A novel result of the current study is the evaluation of the effectiveness of sampling a pancreatic lesion under TUS guidance. The available literature on pancreatic tissue sampling reports a high sensitivity, specificity, and diagnostic accuracy, whether the procedure is carried out with EUS [18] or TUS [6]. However, the performance (efficacy) of an intervention is commonly evaluated under ideal and strictly controlled circumstances, whereas the effectiveness evaluates its performance under routine clinical practice. From a clinical standpoint, it is more useful to establish in how many patients with a pancreatic biopsy indication the intended procedure (whether EUS-FNA, EUS-FNB, or TUS-guided biopsy) is eventually carried out. Different conditions may have an impact on the diagnosis of the required procedure. Indeed, abundant abdominal fat deposition or intestinal gas content could mask the visualization of the pancreas at TUS scanning, whereas luminal stenosis or surgically altered anatomy could preclude an optimal positioning of the EUS probe. It is, therefore, not surprising that the effectiveness of TUS-guided pancreatic biopsy has a lower diagnostic accuracy than efficacy. Of the 142 patients with an indication for a biopsy of the pancreatic mass (the effectiveness population), a TUS-guided biopsy was possible in only 118 patients (the efficacy population) because of several anatomic conditions precluding a safe biopsy. Of the 23 patients in whom the sampling could not be done, the success rate did not differ between expert and non-expert sonographers.

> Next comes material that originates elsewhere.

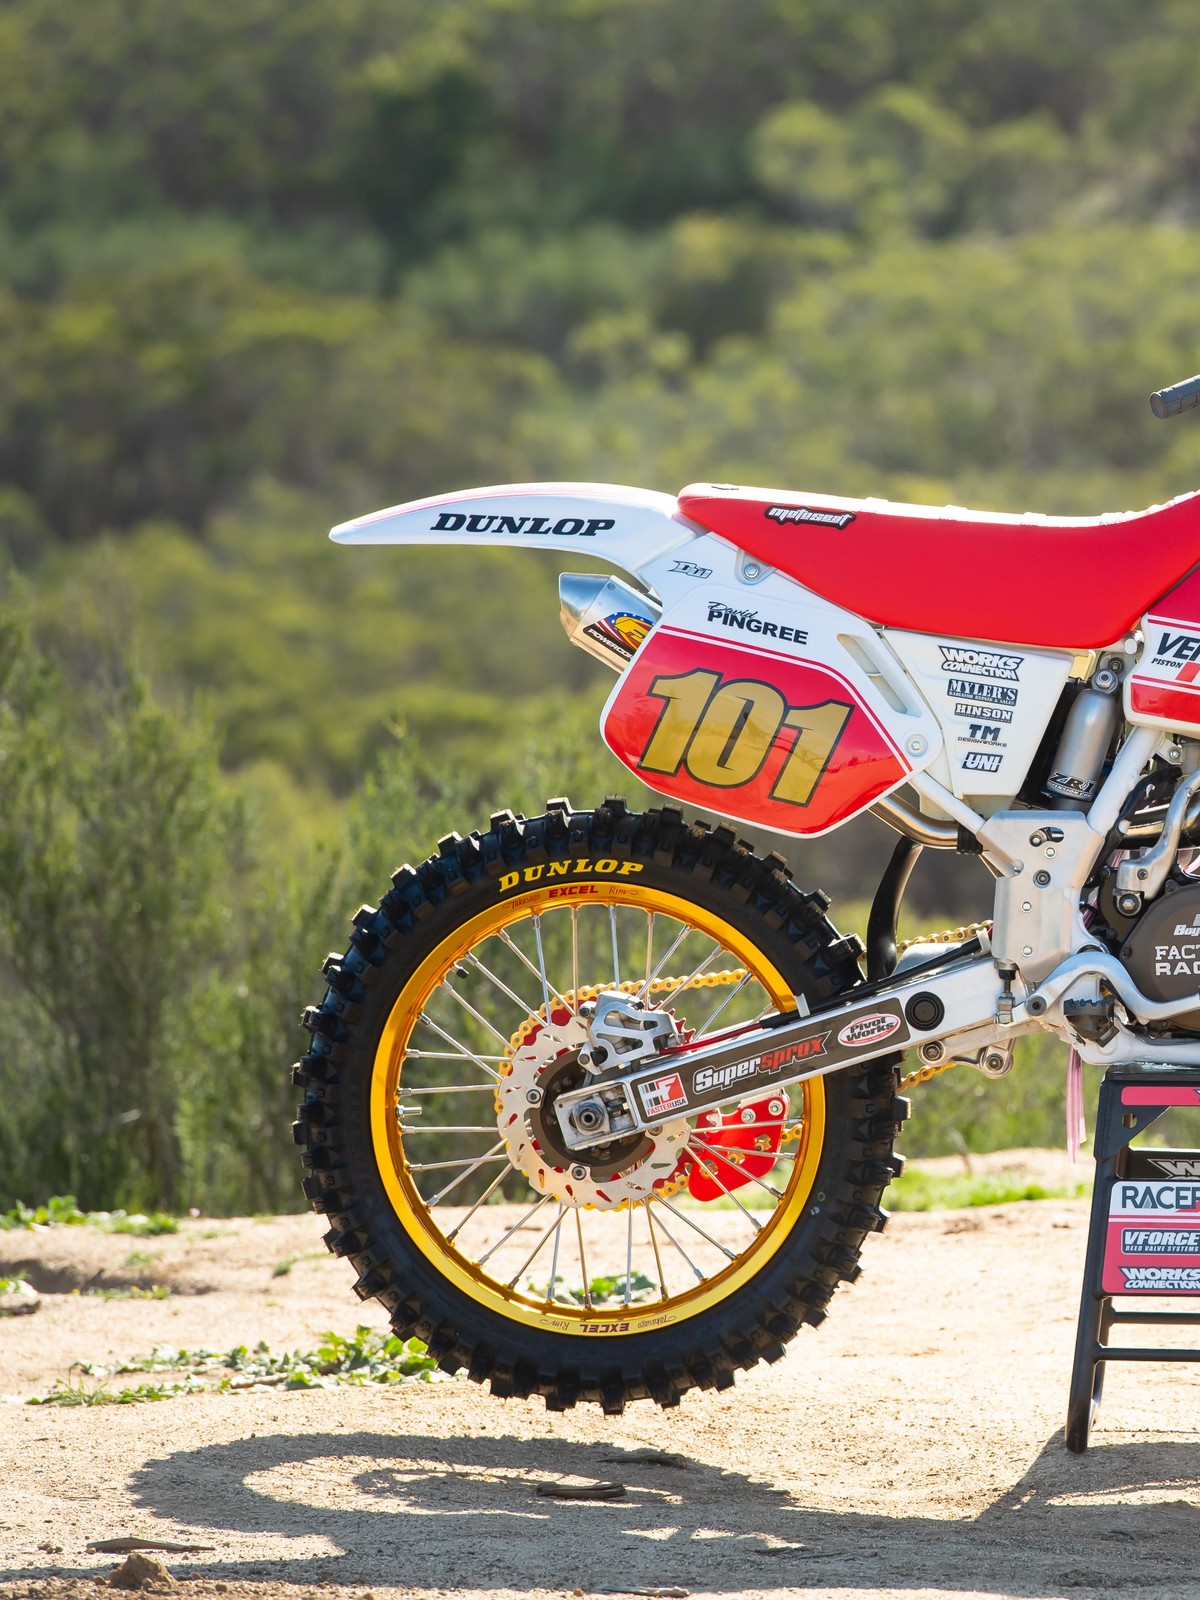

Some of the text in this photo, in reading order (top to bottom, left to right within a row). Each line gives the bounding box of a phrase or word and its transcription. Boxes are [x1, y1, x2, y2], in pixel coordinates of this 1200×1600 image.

A final merit of TUS-guided pancreatic biopsy is the possibility of retrieving a core (> 0.5 cm) sample, which has been achieved in 91% of our patients. The field of pancreatic tissue acquisition is rapidly moving from cytology to histology [5]. Recently, the precision medicine approach in pancreatic cancer allows histological subtypes of pancreatic cancers to be determined, which may be extremely useful clinically and could facilitate the optimization of existing therapies.

In conclusion, a tissue core biopsy from a pancreatic lesion can be accomplished via EUS-FNB or under TUS guidance; these two procedures should be considered complementary and not contradictory. In the present study, the diagnostic performance and safety of the TUS approach are similar to the performance and safety reported in the literature for the EUS-FNB approach, with the former approach being less demanding and costly. We suggest that an ideal protocol for the evaluation of a pancreatic mass should first consider tissue biopsy under TUS guidance and reserve the more sophisticated EUS option for cases with suboptimal US localization of the lesion or with an inconclusive diagnosis.